Add two more to the pile of lawsuits accusing Twitter of wrongdoing.
The two suits accuse the embattled social media firm of playing fast and loose with its users’ personal data, after a scraping incident last year left millions of accounts exposed on a hacking forum.
Filed in San Francisco Superior Court on Jan. 17, a proposed class action lawsuit alleges that the company failed to protect names, phone numbers and email addresses of Twitter users, which were offered for sale on the dark web and later posted for free.
The allegation stems from a vulnerability in Twitter’s underlying software, called an application programming interface, that purportedly allowed cybercriminals to scrape user information last year. Twitter acknowledged the flaw in August 2022, writing in a blog post that it had “immediately investigated and fixed it.”
Media reports suggested that multiple hackers were able to scrape users’ personal data; on Jan. 4, one posted what they claimed to be 200,000 accounts on Breached, a hacking forum.

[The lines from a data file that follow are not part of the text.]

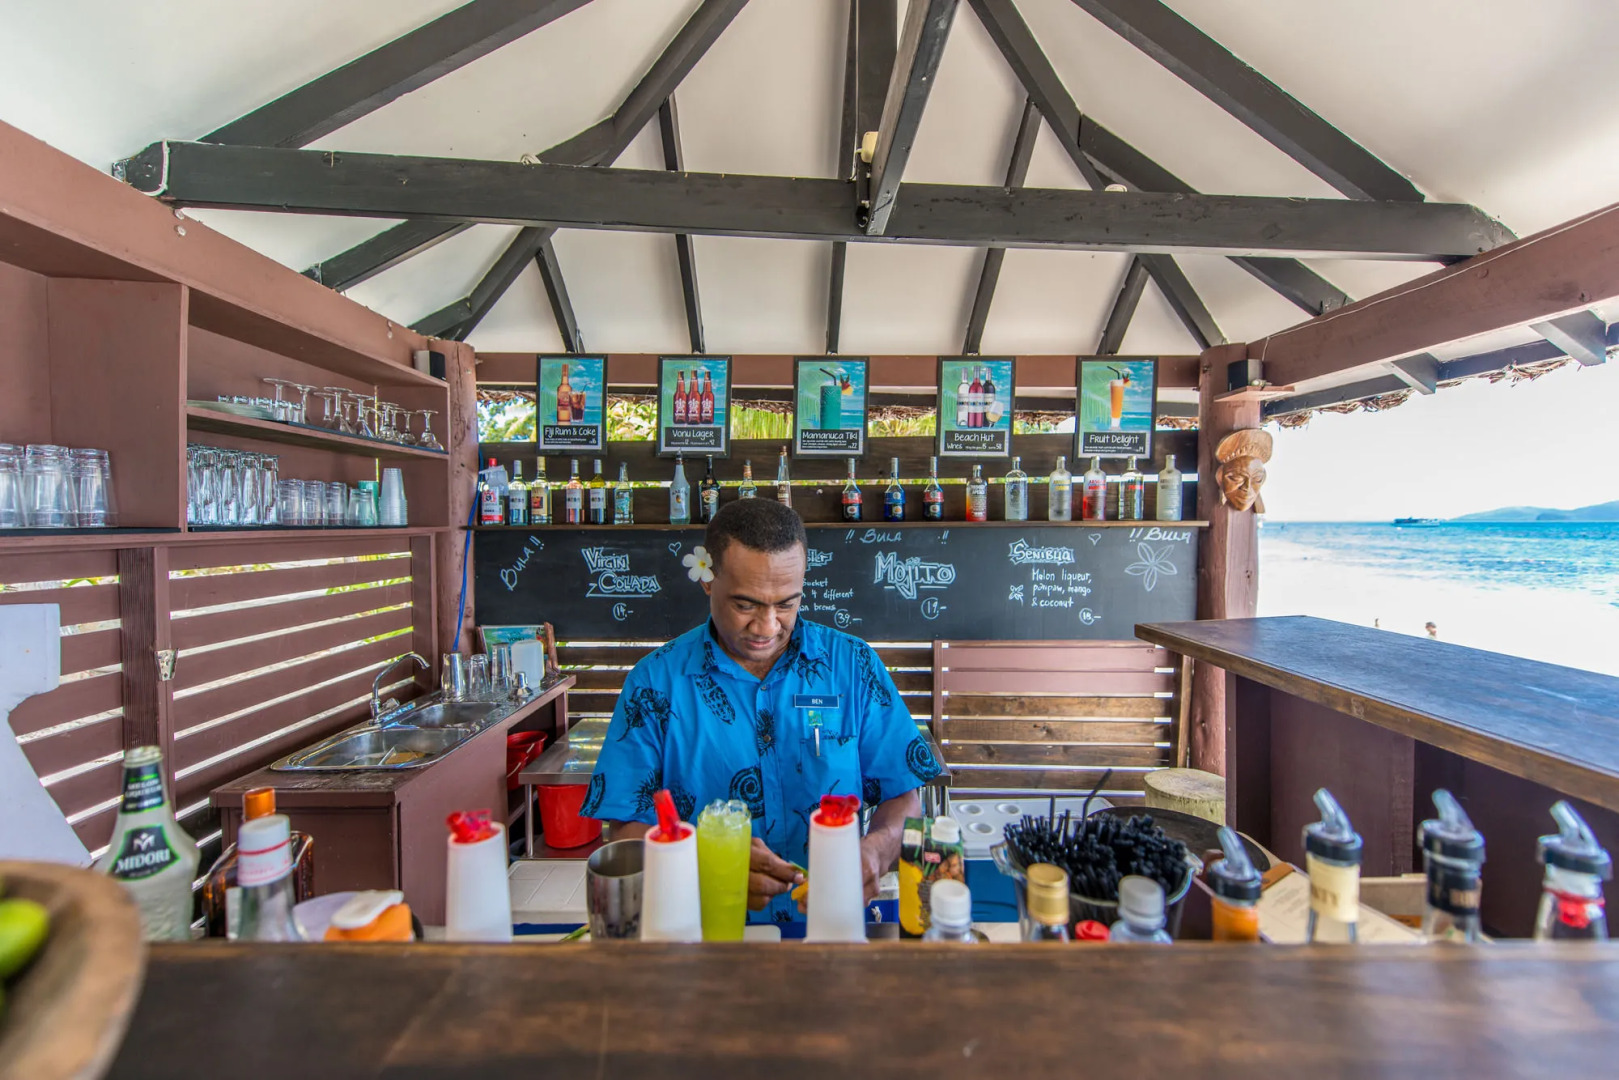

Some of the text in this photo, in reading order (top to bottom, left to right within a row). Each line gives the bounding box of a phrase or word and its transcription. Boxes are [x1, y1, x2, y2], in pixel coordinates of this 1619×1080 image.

[555, 427, 571, 436] Rum
[573, 427, 578, 436] &
[579, 427, 597, 436] Coke
[672, 430, 714, 441] Vonu Lager
[802, 431, 858, 440] Mamanuca Tiki
[954, 433, 995, 442] Beach Hut
[1089, 435, 1139, 447] Fruit Delight
[1032, 568, 1056, 581] Melon
[824, 588, 854, 601] different
[814, 602, 837, 611] brews
[1032, 597, 1075, 608] & coconut
[115, 849, 171, 873] MIDORI
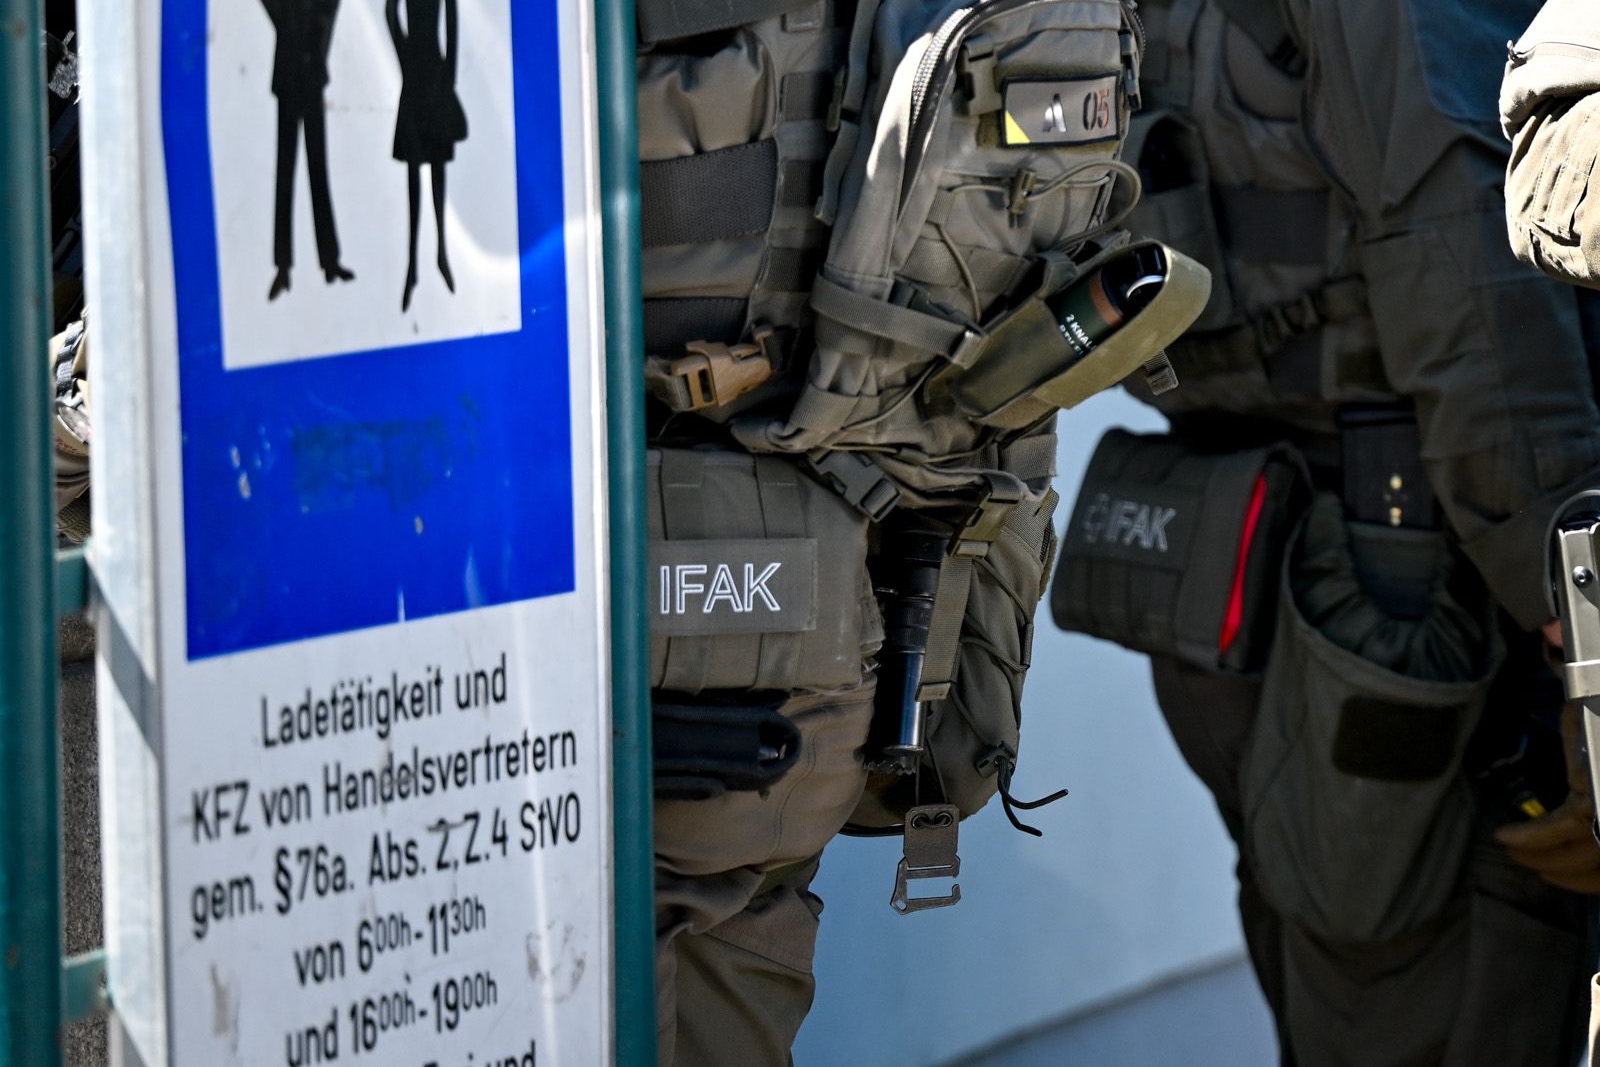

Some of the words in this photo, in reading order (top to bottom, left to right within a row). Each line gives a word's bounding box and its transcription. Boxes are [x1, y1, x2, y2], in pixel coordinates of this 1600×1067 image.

[660, 562, 782, 614] IFAK
[261, 665, 443, 750] Ladetätigkeit
[455, 651, 507, 711] und
[190, 780, 251, 844] KFZ
[260, 782, 312, 829] von
[323, 729, 578, 816] Handelsvertretern
[191, 874, 264, 941] gem.
[367, 831, 427, 887] Abs.
[518, 791, 582, 854] StVO
[294, 939, 345, 987] von
[285, 1007, 339, 1067] und

A separate class action complaint filed in federal court last week made similar claims against Twitter, with plaintiff Stephen Gerber claiming that he was one of the users whose information was exposed.
That complaint alleged that people who used Twitter under a pseudonym were especially at risk because the combined data troves could be used to reveal users’ real email addresses and phone numbers.

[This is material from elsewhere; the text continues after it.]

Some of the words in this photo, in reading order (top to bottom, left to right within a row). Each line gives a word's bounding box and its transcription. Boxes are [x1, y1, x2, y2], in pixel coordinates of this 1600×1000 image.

Twitter didn’t respond to a request for comment, but wrote in a blog post this week that “there is no evidence that the data being sold online was obtained by exploiting a vulnerability of Twitter systems.”
The company claimed that data troves purporting to include hundreds of thousands of account details were “likely” patched together from already available sources.
The federal lawsuit seeks $5 million in penalties, while the lawsuit filed in state court seeks unspecified damages and an injunction requiring Twitter to improve its security practices.
These two lawsuits are just the latest legal hurdles for the troubled company: Twitter is also facing a battery of employment lawsuits over CEO Elon Musk’s ham-fisted dismissal of thousands of employees last year.
Twitter is also being sued by a San Francisco landlord and at least one contractor who say that the company stopped paying its bills after Musk’s acquisition, which closed in October 2022.
Meanwhile, Twitter is offering furniture, appliances and other memorabilia from its San Francisco headquarters at auction this week.
Items offered at the auction include a La Marzocco Strada Espresso Machine, a Berkel 330M-STD Manual Fly Wheel Slicer (with stand) and a set of 18 Knoll Saarinen Executive Swivel chairs going for thousands of dollars apiece.